* **Exercise**
Skipping each picture, output the entries exactly as they stand below.

─── Material shown

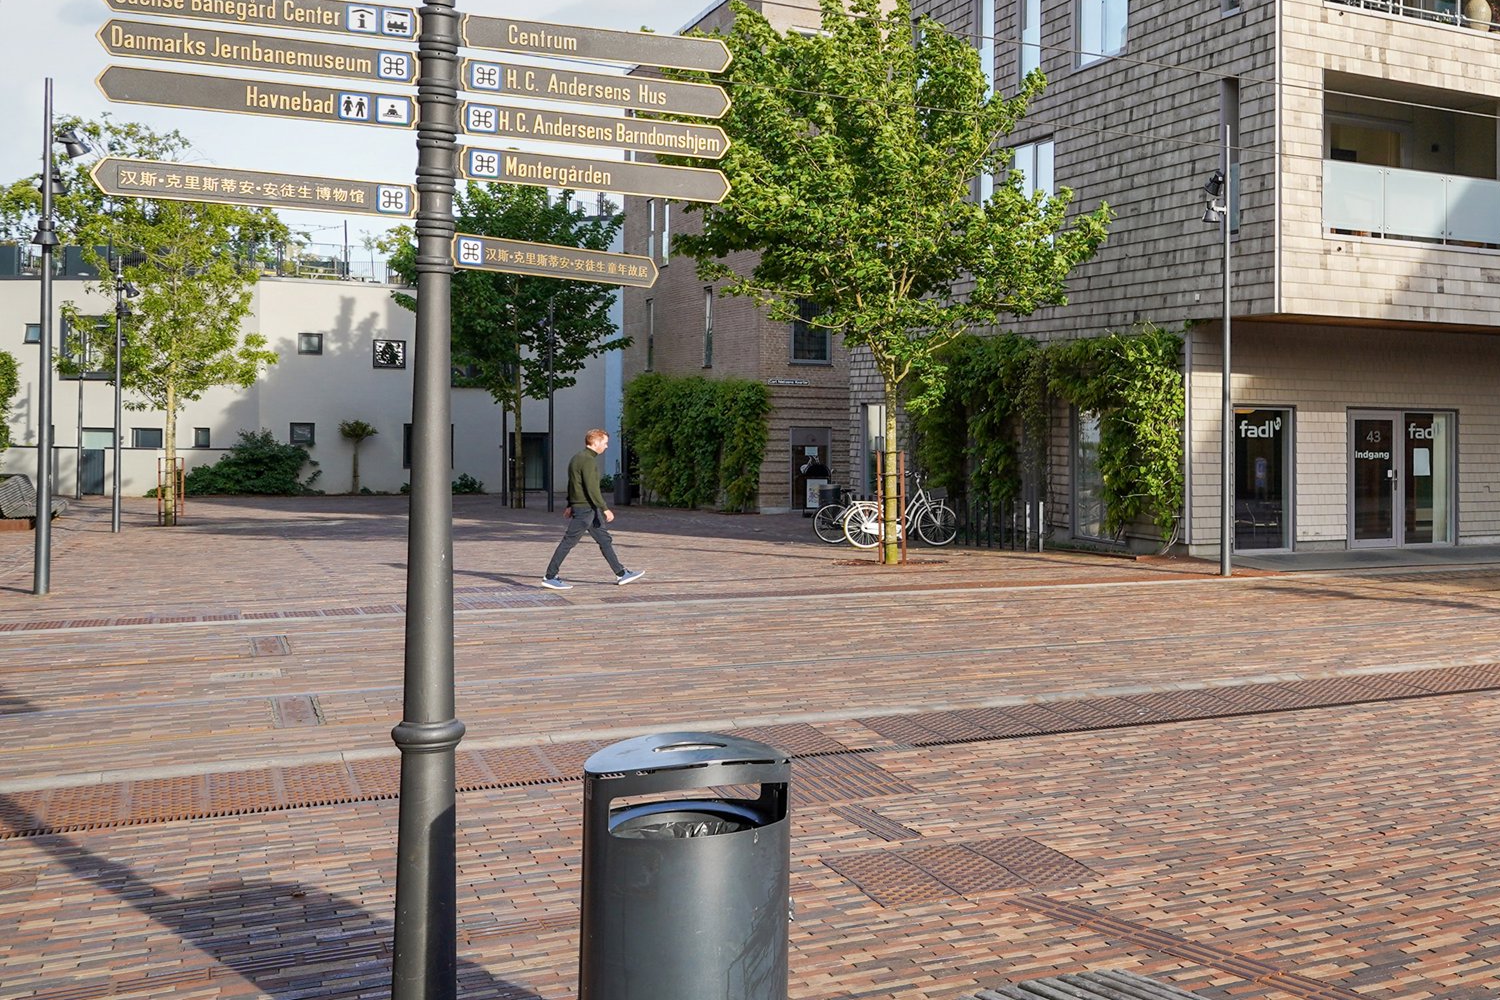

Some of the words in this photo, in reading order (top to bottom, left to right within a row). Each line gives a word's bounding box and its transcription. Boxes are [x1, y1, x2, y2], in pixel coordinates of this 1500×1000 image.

[283, 0, 341, 26] Center
[111, 25, 206, 56] Danmarks
[211, 37, 372, 74] Jernbanemuseum
[508, 24, 577, 51] Centrum
[246, 86, 334, 115] Havnebad
[548, 73, 631, 102] Andersens
[638, 84, 667, 105] Hus
[533, 115, 613, 142] Andersens
[616, 122, 721, 154] Barndomshjem
[505, 155, 612, 186] Møntergården
[1239, 420, 1274, 438] fadl
[1366, 430, 1381, 442] 43
[1355, 450, 1390, 460] Indgang
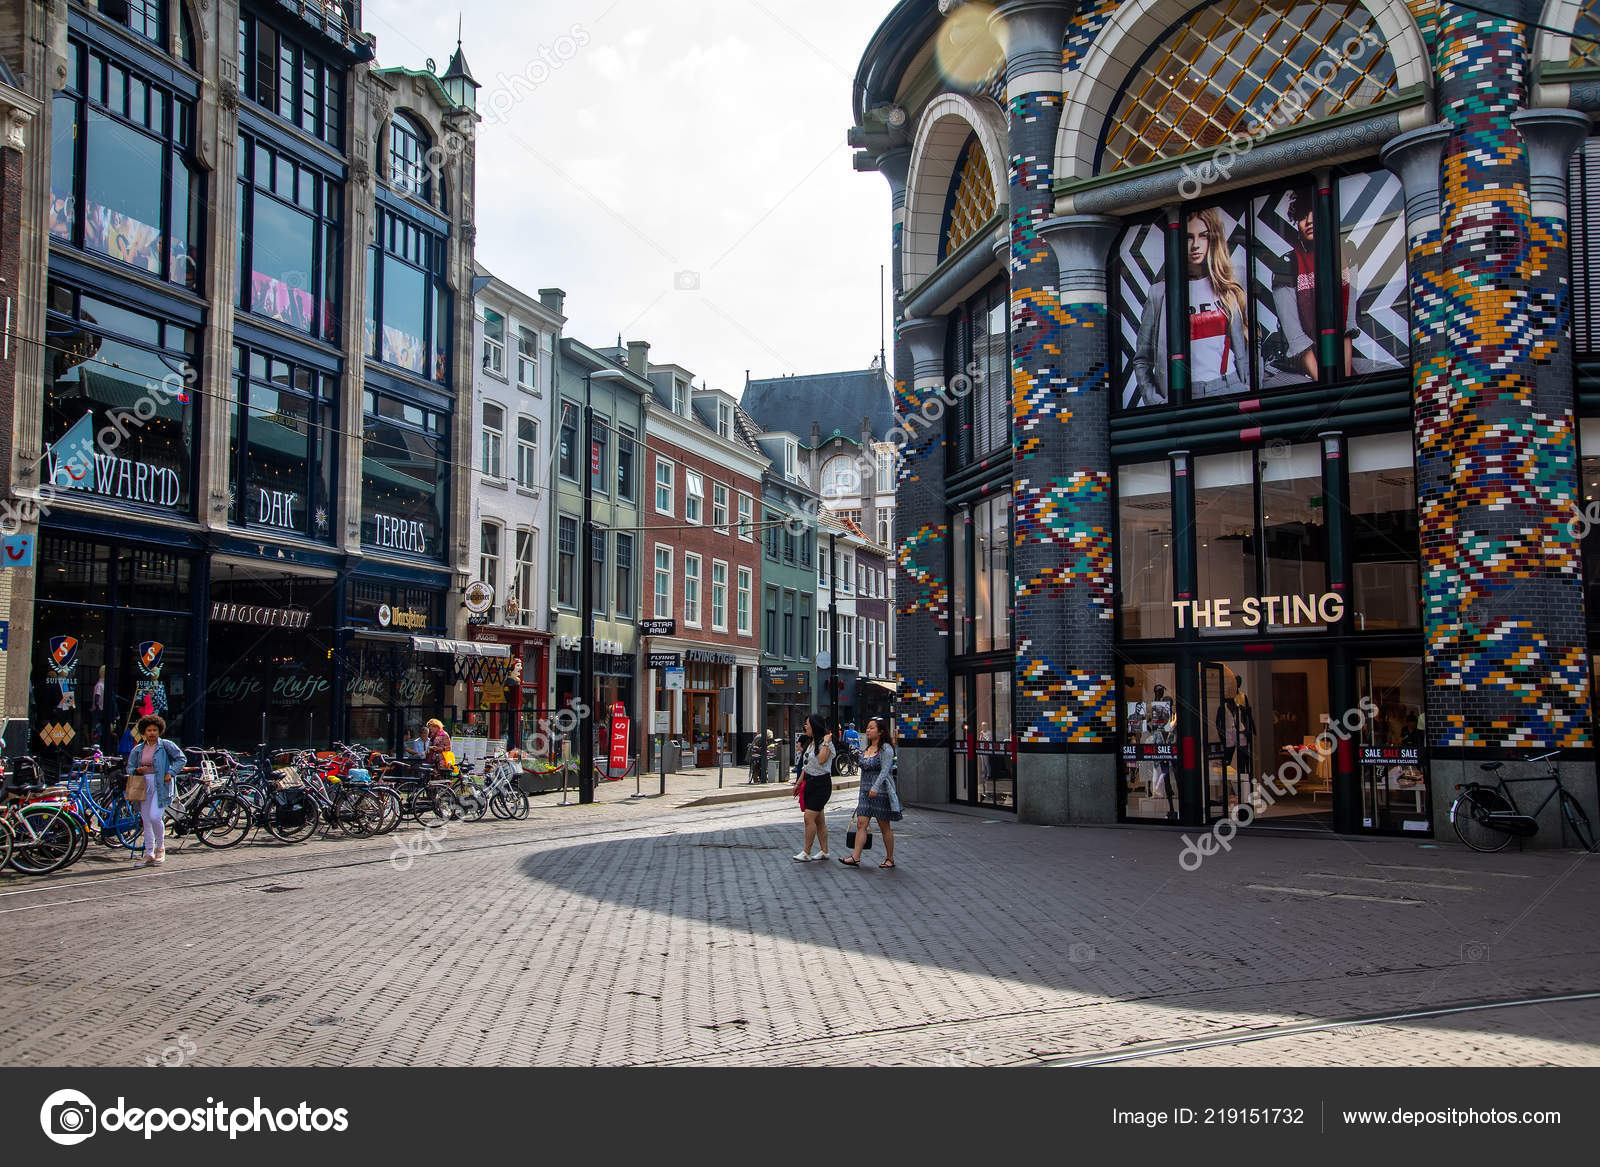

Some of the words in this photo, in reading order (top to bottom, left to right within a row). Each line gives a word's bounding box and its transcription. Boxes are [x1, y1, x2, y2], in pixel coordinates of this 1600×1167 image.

[45, 442, 180, 506] VWARMD
[258, 488, 294, 529] DAK
[375, 513, 426, 553] TERRAS
[211, 603, 277, 625] HAAGSCHE
[281, 610, 311, 628] BLUF
[392, 606, 427, 629] Warsteiner
[1172, 598, 1232, 629] THE
[1242, 592, 1345, 627] STING
[58, 641, 69, 657] S
[147, 646, 156, 661] S
[690, 649, 715, 663] FLYING
[717, 652, 737, 665] TIGER
[613, 722, 626, 762] SALE
[1123, 746, 1136, 754] SALE
[1143, 746, 1156, 754] SALE
[1157, 746, 1171, 754] SALE
[1365, 749, 1381, 757] SALE
[1384, 749, 1399, 757] SALE
[1401, 749, 1418, 757] SALE

──────

* **Response to this task**
Some of the words in this photo, in reading order (top to bottom, left to right within a row). Each line gives a word's bounding box and its transcription. Boxes are [x1, y1, x2, y2], in pixel coordinates of this 1500×1000 image.

[283, 0, 341, 26] Center
[111, 25, 206, 56] Danmarks
[211, 37, 372, 74] Jernbanemuseum
[508, 24, 577, 51] Centrum
[246, 86, 334, 115] Havnebad
[548, 73, 631, 102] Andersens
[638, 84, 667, 105] Hus
[533, 115, 613, 142] Andersens
[616, 122, 721, 154] Barndomshjem
[505, 155, 612, 186] Møntergården
[1239, 420, 1274, 438] fadl
[1366, 430, 1381, 442] 43
[1355, 450, 1390, 460] Indgang

Some of the words in this photo, in reading order (top to bottom, left to right within a row). Each line gives a word's bounding box and its transcription. Boxes are [x1, y1, x2, y2], in pixel coordinates of this 1600×1167 image.

[45, 442, 180, 506] VWARMD
[258, 488, 294, 529] DAK
[375, 513, 426, 553] TERRAS
[211, 603, 277, 625] HAAGSCHE
[281, 610, 311, 628] BLUF
[392, 606, 427, 629] Warsteiner
[1172, 598, 1232, 629] THE
[1242, 592, 1345, 627] STING
[58, 641, 69, 657] S
[147, 646, 156, 661] S
[690, 649, 715, 663] FLYING
[717, 652, 737, 665] TIGER
[613, 722, 626, 762] SALE
[1123, 746, 1136, 754] SALE
[1143, 746, 1156, 754] SALE
[1157, 746, 1171, 754] SALE
[1365, 749, 1381, 757] SALE
[1384, 749, 1399, 757] SALE
[1401, 749, 1418, 757] SALE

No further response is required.